Line by line, transcribe the data shown below.

(Records from a data collection)
————————

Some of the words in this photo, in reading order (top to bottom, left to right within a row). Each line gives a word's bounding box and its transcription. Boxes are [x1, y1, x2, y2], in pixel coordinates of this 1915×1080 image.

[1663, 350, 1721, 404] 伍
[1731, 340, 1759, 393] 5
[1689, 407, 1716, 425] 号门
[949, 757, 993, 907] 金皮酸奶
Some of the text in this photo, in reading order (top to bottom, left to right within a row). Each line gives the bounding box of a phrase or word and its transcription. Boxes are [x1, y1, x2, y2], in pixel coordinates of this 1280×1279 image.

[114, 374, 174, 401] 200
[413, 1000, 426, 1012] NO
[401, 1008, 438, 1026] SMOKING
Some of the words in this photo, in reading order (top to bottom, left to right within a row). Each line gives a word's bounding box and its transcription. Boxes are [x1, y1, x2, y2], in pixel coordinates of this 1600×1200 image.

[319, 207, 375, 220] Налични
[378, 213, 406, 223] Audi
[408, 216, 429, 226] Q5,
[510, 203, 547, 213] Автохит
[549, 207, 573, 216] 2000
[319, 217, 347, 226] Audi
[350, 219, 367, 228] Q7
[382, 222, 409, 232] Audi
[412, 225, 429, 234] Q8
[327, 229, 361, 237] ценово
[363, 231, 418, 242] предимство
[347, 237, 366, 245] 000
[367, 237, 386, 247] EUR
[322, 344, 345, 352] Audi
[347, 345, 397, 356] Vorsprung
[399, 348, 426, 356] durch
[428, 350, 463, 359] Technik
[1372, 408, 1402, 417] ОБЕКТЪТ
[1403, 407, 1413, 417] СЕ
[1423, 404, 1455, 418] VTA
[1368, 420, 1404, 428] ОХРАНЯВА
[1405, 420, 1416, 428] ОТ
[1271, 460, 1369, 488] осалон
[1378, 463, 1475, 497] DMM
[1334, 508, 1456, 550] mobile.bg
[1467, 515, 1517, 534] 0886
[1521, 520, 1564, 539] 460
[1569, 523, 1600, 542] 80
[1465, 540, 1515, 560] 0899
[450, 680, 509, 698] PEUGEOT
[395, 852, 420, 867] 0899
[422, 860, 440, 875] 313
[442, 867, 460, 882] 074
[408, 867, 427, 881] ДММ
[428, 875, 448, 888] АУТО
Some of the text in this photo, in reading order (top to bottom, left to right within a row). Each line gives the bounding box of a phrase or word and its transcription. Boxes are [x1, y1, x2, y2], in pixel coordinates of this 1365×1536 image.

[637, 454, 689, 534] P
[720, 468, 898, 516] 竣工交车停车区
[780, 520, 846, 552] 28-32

————————

Exercise output ->
Some of the words in this photo, in reading order (top to bottom, left to right within a row). Each line gives a word's bounding box and its transcription. Boxes are [x1, y1, x2, y2], in pixel coordinates of this 1915×1080 image.

[1663, 350, 1721, 404] 伍
[1731, 340, 1759, 393] 5
[1689, 407, 1716, 425] 号门
[949, 757, 993, 907] 金皮酸奶
Some of the text in this photo, in reading order (top to bottom, left to right within a row). Each line gives the bounding box of a phrase or word and its transcription. Boxes are [x1, y1, x2, y2], in pixel coordinates of this 1280×1279 image.

[114, 374, 174, 401] 200
[413, 1000, 426, 1012] NO
[401, 1008, 438, 1026] SMOKING
Some of the words in this photo, in reading order (top to bottom, left to right within a row). Each line gives a word's bounding box and its transcription. Boxes are [x1, y1, x2, y2], in pixel coordinates of this 1600×1200 image.

[319, 207, 375, 220] Налични
[378, 213, 406, 223] Audi
[408, 216, 429, 226] Q5,
[510, 203, 547, 213] Автохит
[549, 207, 573, 216] 2000
[319, 217, 347, 226] Audi
[350, 219, 367, 228] Q7
[382, 222, 409, 232] Audi
[412, 225, 429, 234] Q8
[327, 229, 361, 237] ценово
[363, 231, 418, 242] предимство
[347, 237, 366, 245] 000
[367, 237, 386, 247] EUR
[322, 344, 345, 352] Audi
[347, 345, 397, 356] Vorsprung
[399, 348, 426, 356] durch
[428, 350, 463, 359] Technik
[1372, 408, 1402, 417] ОБЕКТЪТ
[1403, 407, 1413, 417] СЕ
[1423, 404, 1455, 418] VTA
[1368, 420, 1404, 428] ОХРАНЯВА
[1405, 420, 1416, 428] ОТ
[1271, 460, 1369, 488] осалон
[1378, 463, 1475, 497] DMM
[1334, 508, 1456, 550] mobile.bg
[1467, 515, 1517, 534] 0886
[1521, 520, 1564, 539] 460
[1569, 523, 1600, 542] 80
[1465, 540, 1515, 560] 0899
[450, 680, 509, 698] PEUGEOT
[395, 852, 420, 867] 0899
[422, 860, 440, 875] 313
[442, 867, 460, 882] 074
[408, 867, 427, 881] ДММ
[428, 875, 448, 888] АУТО
Some of the text in this photo, in reading order (top to bottom, left to right within a row). Each line gives the bounding box of a phrase or word and its transcription. Boxes are [x1, y1, x2, y2], in pixel coordinates of this 1365×1536 image.

[637, 454, 689, 534] P
[720, 468, 898, 516] 竣工交车停车区
[780, 520, 846, 552] 28-32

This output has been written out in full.